Source data START
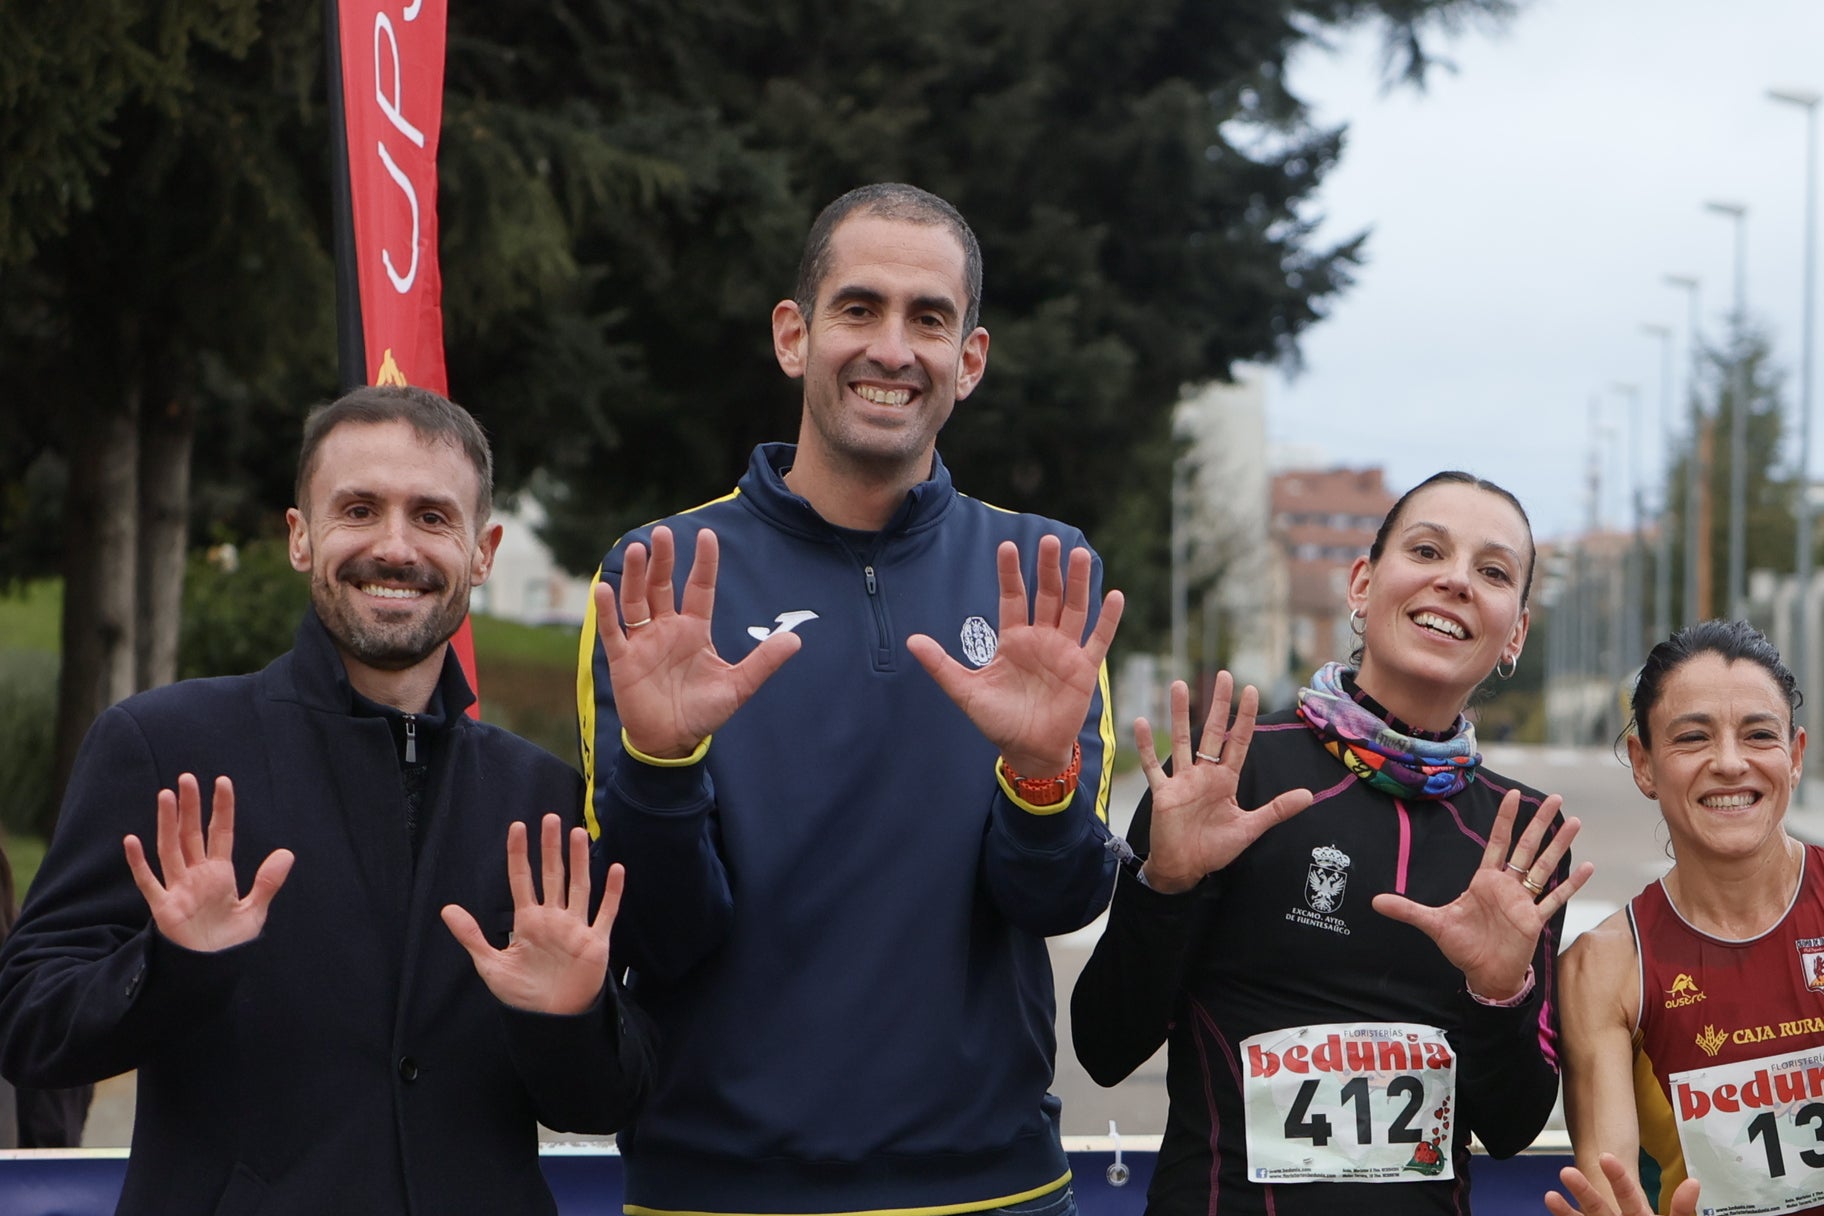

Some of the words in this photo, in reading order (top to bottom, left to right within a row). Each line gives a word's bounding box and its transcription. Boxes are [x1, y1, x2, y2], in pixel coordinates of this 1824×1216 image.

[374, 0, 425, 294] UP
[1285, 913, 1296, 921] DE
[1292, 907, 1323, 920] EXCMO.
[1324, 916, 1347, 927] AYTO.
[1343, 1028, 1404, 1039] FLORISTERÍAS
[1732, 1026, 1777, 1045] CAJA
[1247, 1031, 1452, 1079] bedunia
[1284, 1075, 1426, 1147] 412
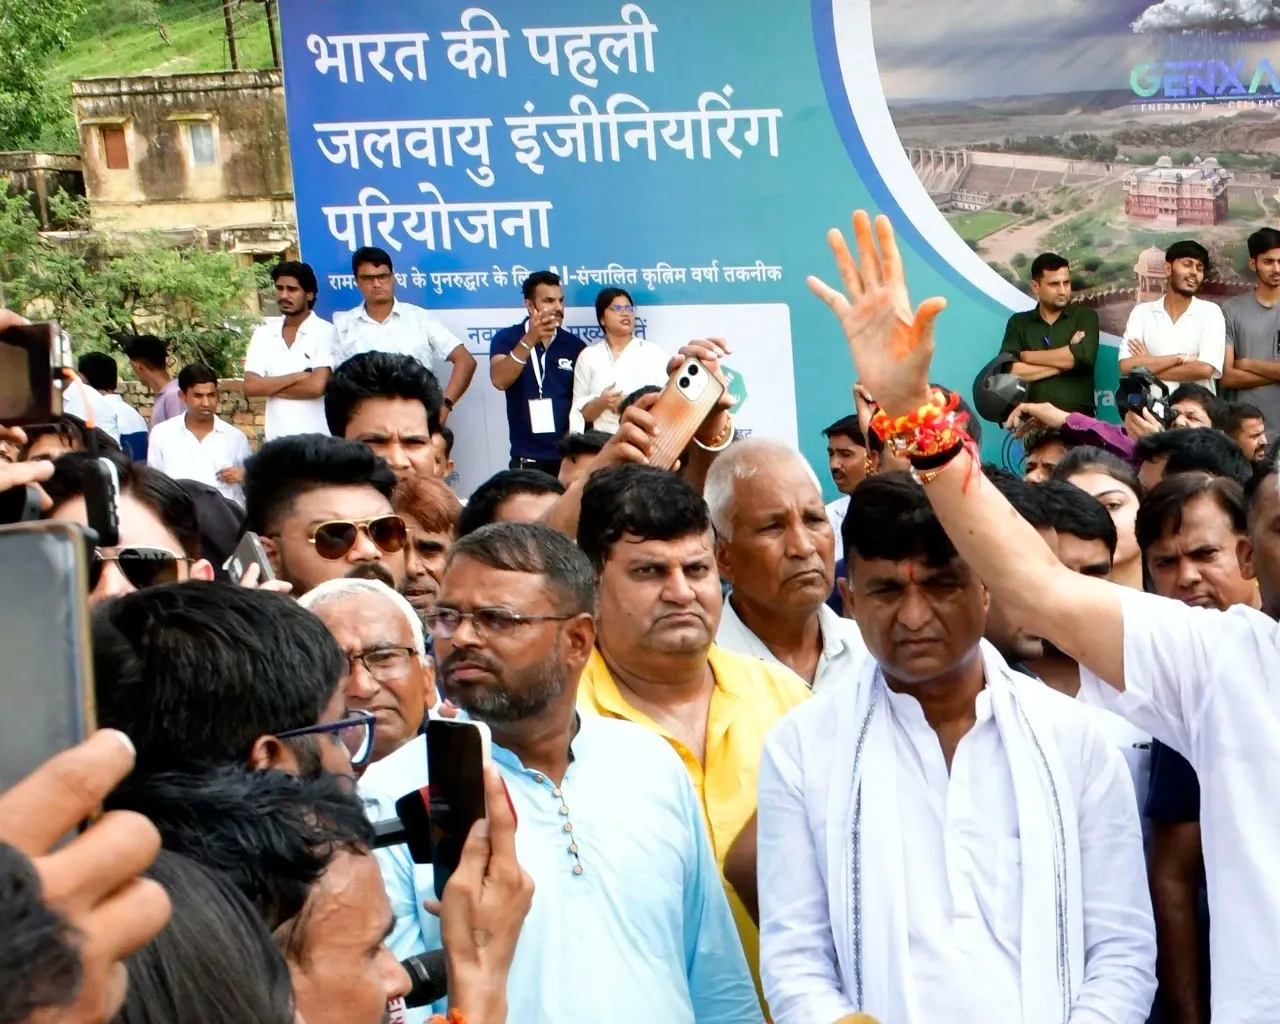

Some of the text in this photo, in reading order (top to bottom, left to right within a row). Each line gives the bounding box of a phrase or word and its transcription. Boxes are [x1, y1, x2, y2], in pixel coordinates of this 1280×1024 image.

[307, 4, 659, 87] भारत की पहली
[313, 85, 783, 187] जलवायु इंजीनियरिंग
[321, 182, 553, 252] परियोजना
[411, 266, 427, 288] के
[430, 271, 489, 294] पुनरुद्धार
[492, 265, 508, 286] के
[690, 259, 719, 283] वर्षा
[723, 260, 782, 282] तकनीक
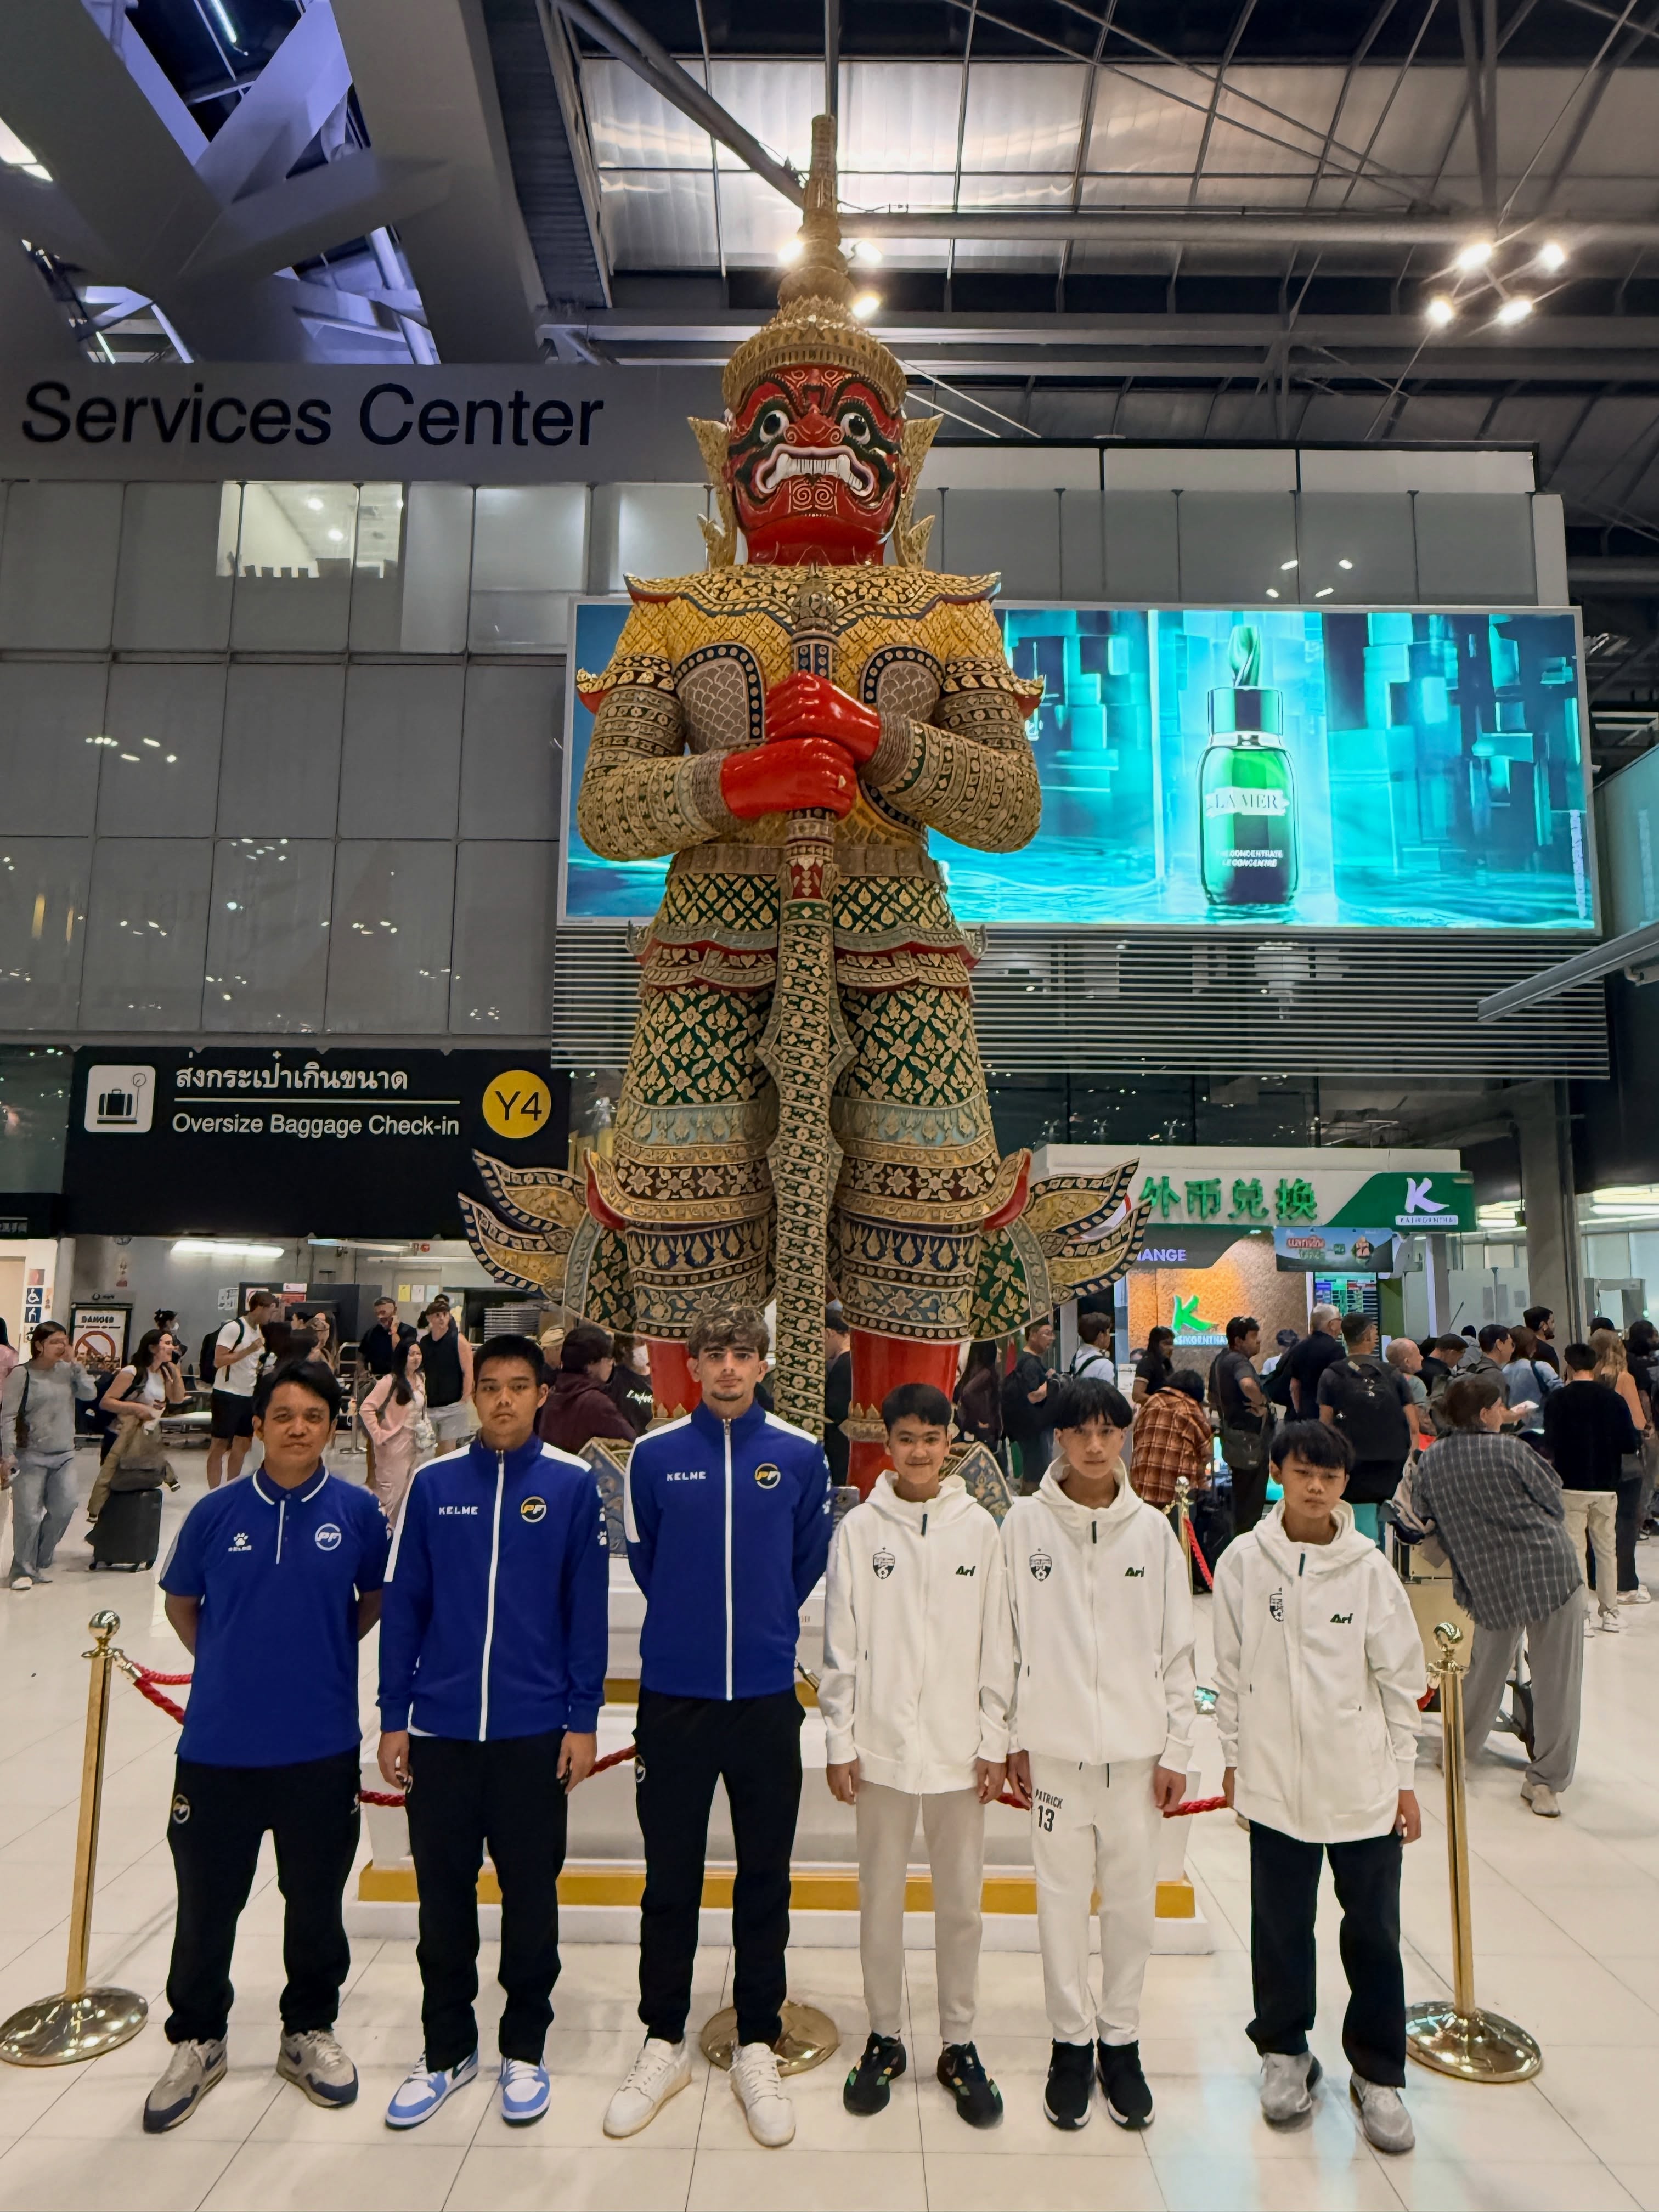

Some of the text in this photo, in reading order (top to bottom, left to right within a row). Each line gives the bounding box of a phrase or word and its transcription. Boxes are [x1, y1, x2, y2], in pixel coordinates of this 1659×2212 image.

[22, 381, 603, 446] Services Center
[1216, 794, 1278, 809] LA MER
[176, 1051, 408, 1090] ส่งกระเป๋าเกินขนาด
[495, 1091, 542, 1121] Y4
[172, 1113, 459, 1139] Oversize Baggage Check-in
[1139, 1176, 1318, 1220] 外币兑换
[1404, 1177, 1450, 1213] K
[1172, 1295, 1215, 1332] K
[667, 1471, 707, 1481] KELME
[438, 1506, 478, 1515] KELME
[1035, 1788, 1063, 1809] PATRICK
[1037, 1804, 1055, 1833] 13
Source data END
Please transcribe word for word the lines from the line with "this 1659×2212 image." to the end of the material, both ends included.

Some of the text in this photo, in reading order (top to bottom, left to right within a row). Each line gives the bounding box of a phrase or word and its transcription. Boxes are [x1, y1, x2, y2], in pixel coordinates of this 1659×2212 image.

[22, 381, 603, 446] Services Center
[1216, 794, 1278, 809] LA MER
[176, 1051, 408, 1090] ส่งกระเป๋าเกินขนาด
[495, 1091, 542, 1121] Y4
[172, 1113, 459, 1139] Oversize Baggage Check-in
[1139, 1176, 1318, 1220] 外币兑换
[1404, 1177, 1450, 1213] K
[1172, 1295, 1215, 1332] K
[667, 1471, 707, 1481] KELME
[438, 1506, 478, 1515] KELME
[1035, 1788, 1063, 1809] PATRICK
[1037, 1804, 1055, 1833] 13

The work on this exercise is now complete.